* Task to carry out *
Your reply should repeat all records verbatim and contain no images.

*** Block opens ***

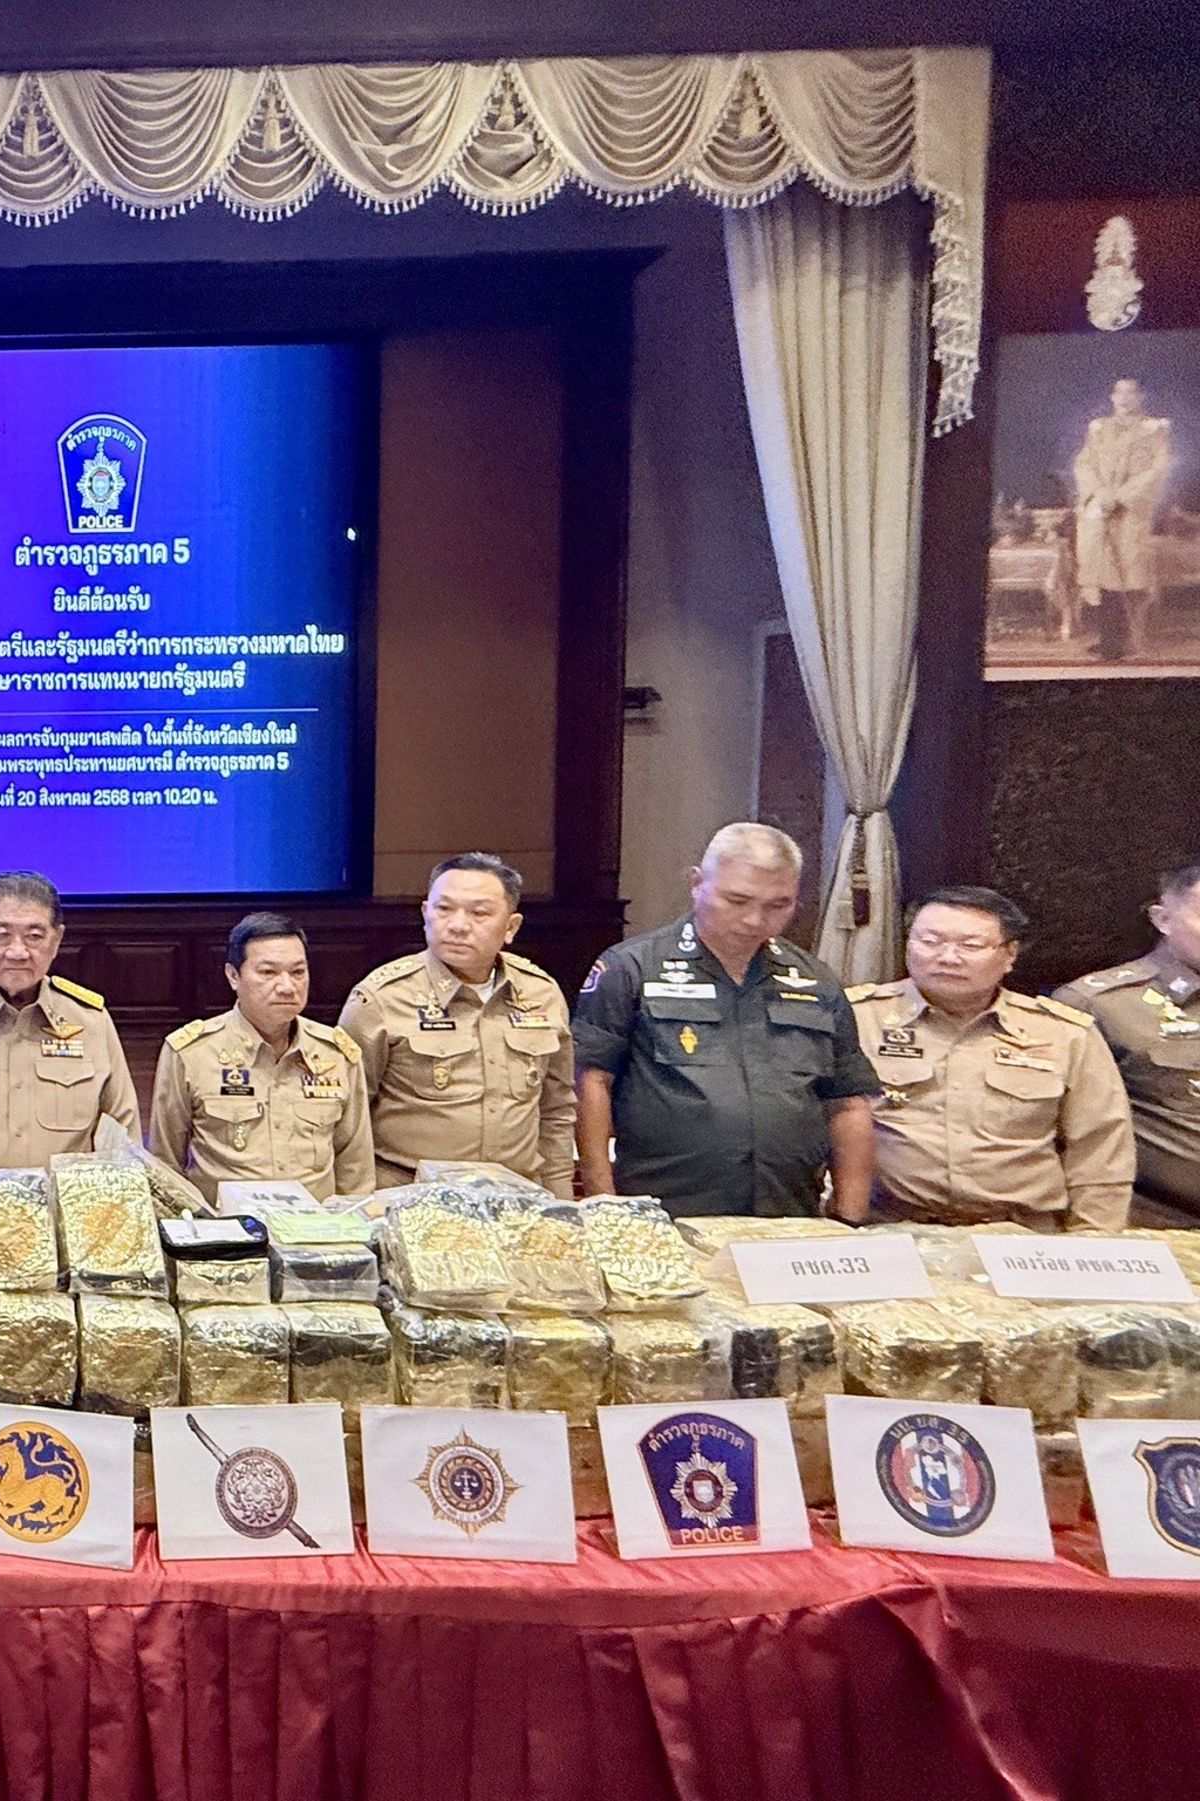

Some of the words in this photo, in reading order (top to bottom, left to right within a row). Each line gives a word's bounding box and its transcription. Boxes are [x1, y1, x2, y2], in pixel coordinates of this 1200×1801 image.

[78, 515, 124, 528] POLICE
[15, 536, 168, 575] ตำรวจภูธรภาค
[173, 538, 190, 564] 5
[54, 586, 151, 612] ยินดีต้อนรับ
[144, 717, 297, 745] ในพื้นที่จังหวัดเชียงใหม่
[175, 750, 275, 778] ตำรวจภูธรภาค
[276, 752, 289, 770] 5
[17, 790, 35, 806] 20
[39, 787, 91, 806] สิงหาคม
[93, 788, 130, 806] 2568
[132, 790, 162, 805] เวลา
[164, 788, 200, 804] 10.20
[203, 790, 218, 805] น.
[791, 1257, 871, 1275] ตชด.33
[1002, 1250, 1070, 1272] กองร้อย
[1075, 1257, 1161, 1275] ตชด.335
[649, 1421, 746, 1452] ตำรวจภูธรภาค
[681, 1525, 744, 1545] POLICE
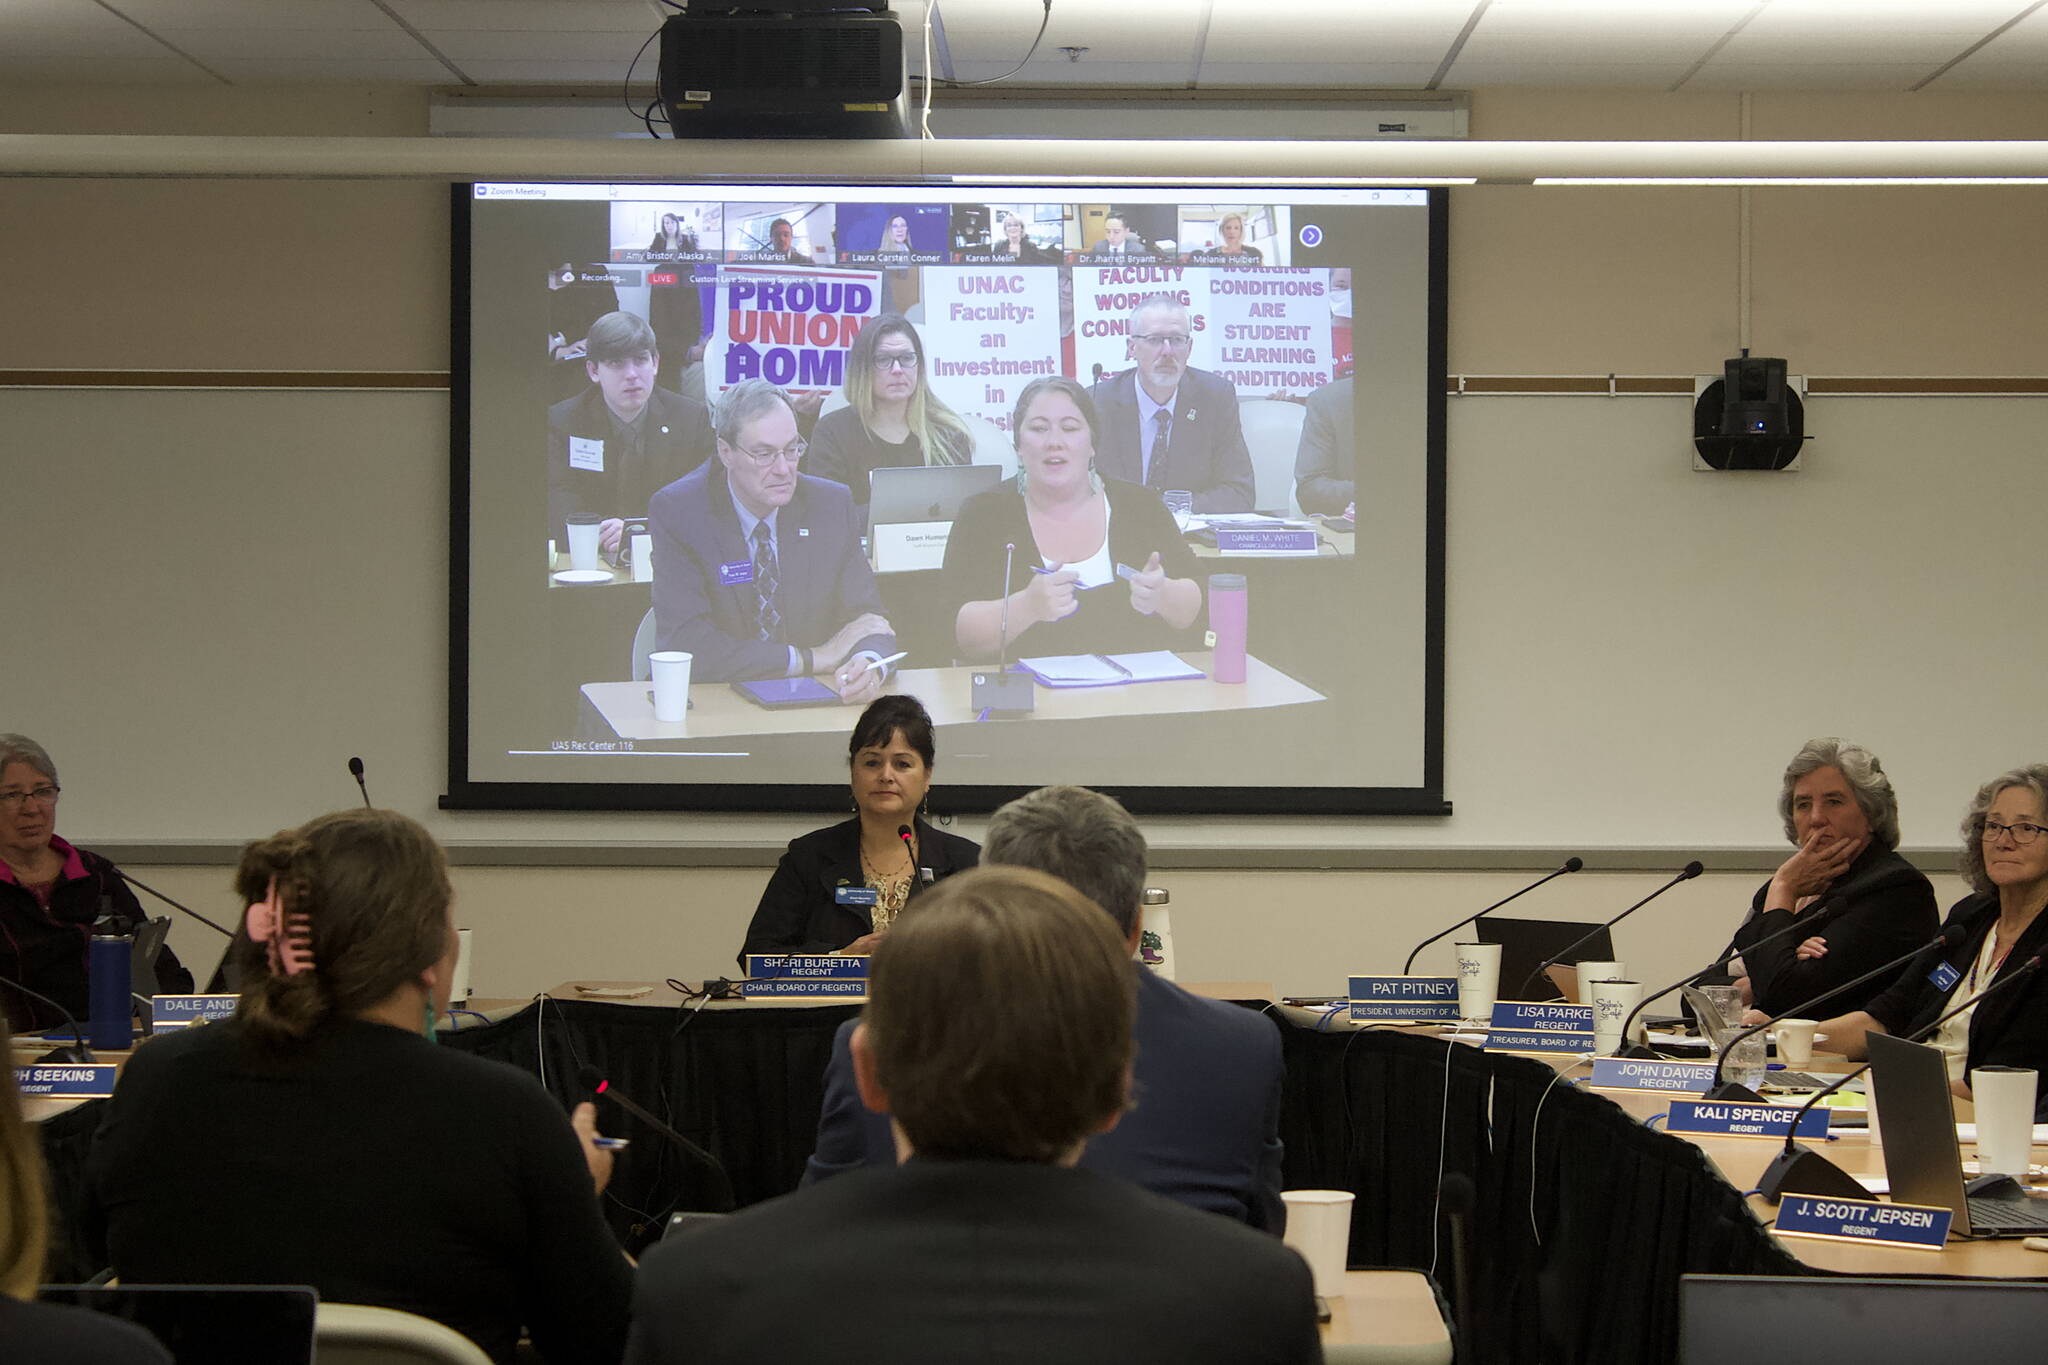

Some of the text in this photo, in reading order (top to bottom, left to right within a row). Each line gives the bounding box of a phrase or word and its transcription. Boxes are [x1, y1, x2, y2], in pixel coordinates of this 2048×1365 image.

*** Block closes ***

* Task result *
Some of the words in this photo, in reading order (top to bottom, left to right within a row). Each line gives a word's bounding box and its transcription. Boxes are [x1, y1, x2, y2], in pixel coordinates of this 1200×1801 image.

[78, 515, 124, 528] POLICE
[15, 536, 168, 575] ตำรวจภูธรภาค
[173, 538, 190, 564] 5
[54, 586, 151, 612] ยินดีต้อนรับ
[144, 717, 297, 745] ในพื้นที่จังหวัดเชียงใหม่
[175, 750, 275, 778] ตำรวจภูธรภาค
[276, 752, 289, 770] 5
[17, 790, 35, 806] 20
[39, 787, 91, 806] สิงหาคม
[93, 788, 130, 806] 2568
[132, 790, 162, 805] เวลา
[164, 788, 200, 804] 10.20
[203, 790, 218, 805] น.
[791, 1257, 871, 1275] ตชด.33
[1002, 1250, 1070, 1272] กองร้อย
[1075, 1257, 1161, 1275] ตชด.335
[649, 1421, 746, 1452] ตำรวจภูธรภาค
[681, 1525, 744, 1545] POLICE

Some of the text in this photo, in reading order (top to bottom, left to right within a row). Each line gives the bounding box of a phrase or word and its transcription. Boxes are [x1, y1, x2, y2], in pixel coordinates of this 2048×1365 image.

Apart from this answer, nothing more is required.